MyWheelName.com

Random Color Picker

The Random Color Picker is the broadest of the colour wheels on the site. Instead of spinning within a single colour family (like the red or blue shade pickers), it spins through the full spectrum — warm and cool, saturated and muted, with named entries and hex codes attached so you can grab whatever it lands on straight into a design tool. Most users reach for it as a creative kick-start. Designers spinning for an unexpected accent colour, illustrators picking a daily painting prompt, brand teams in early-moodboard mode, art teachers running colour-theory exercises, knitters and crafters picking a yarn colour without overthinking it. There's also the moment when you've been staring at a colour picker for ten minutes and you've narrowed it down to four options that all look the same — the wheel picks one, you live with it, you move on. That moment alone earns the picker its place. The wheel displays the swatch and the hex value on every spin, so you can copy the value directly into Figma, CSS, Procreate, or whatever you're working in. Edit the wheel if the defaults aren't tuned to your taste — remove the neons, drop in your brand palette, add muted designer colours, weight the ones you reach for most often. The picker uses the same cryptographic random source as every wheel on the site, so each entry has a genuinely equal chance unless you've weighted it. Save customised wheels under "My Wheels" — a designer might keep a separate brand-palette wheel, a daily-prompt wheel, and a moodboard wheel. Share via link for a team to use the same set. If you want to drill into a single colour family, click through to one of the shade-specific pickers; the broad random wheel will keep doing the broad random thing.

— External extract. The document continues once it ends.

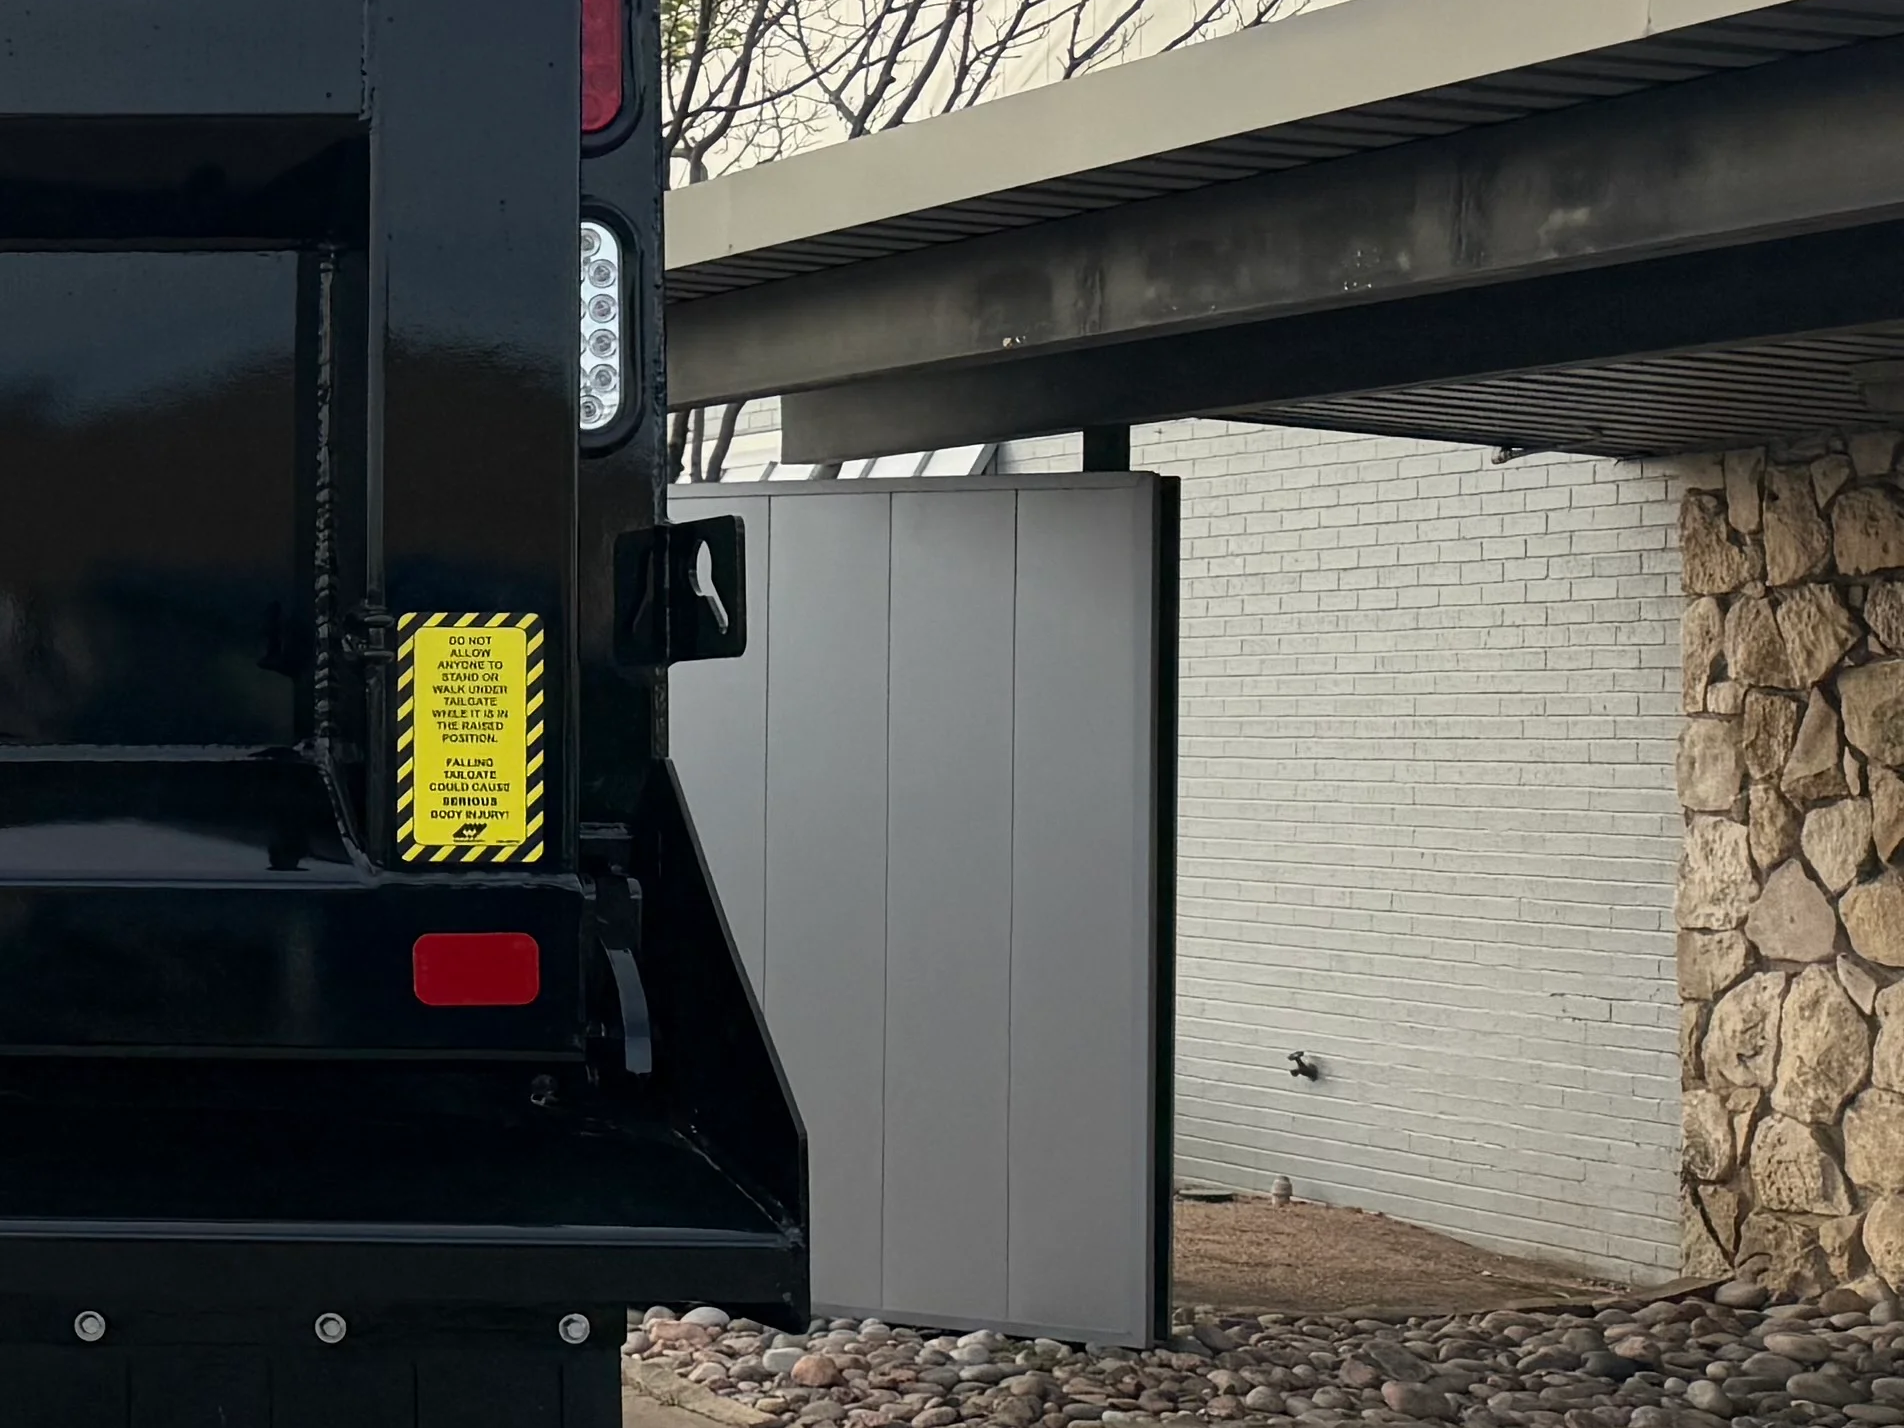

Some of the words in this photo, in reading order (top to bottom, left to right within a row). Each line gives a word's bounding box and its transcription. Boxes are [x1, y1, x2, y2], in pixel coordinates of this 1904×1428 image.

What's the Random Color Picker actually picking from?

A curated set of named shades for the colour group, each with its hex code. Spinning reveals the swatch, the name (where defined), and the hex value, ready to copy into Figma, CSS, or a design tool.

Can I edit the shades on the Random Color Picker?

Yes. Remove the shades you'd never use, add custom ones with your own hex codes, and the wheel respects your edits. Save the wheel to your account if you want the customised version to persist between sessions.

Is the spin actually random?

Yes. The result uses the browser's cryptographic random source, so every option has an equal chance unless you've weighted entries. There's no house bias and no remembered "due" outcomes.

Does the picker show hex codes I can copy?

Yes. Each segment shows the hex value, and the result panel makes it easy to copy. The picker is built for designers, so the output is usable directly in any colour-picking workflow without conversion.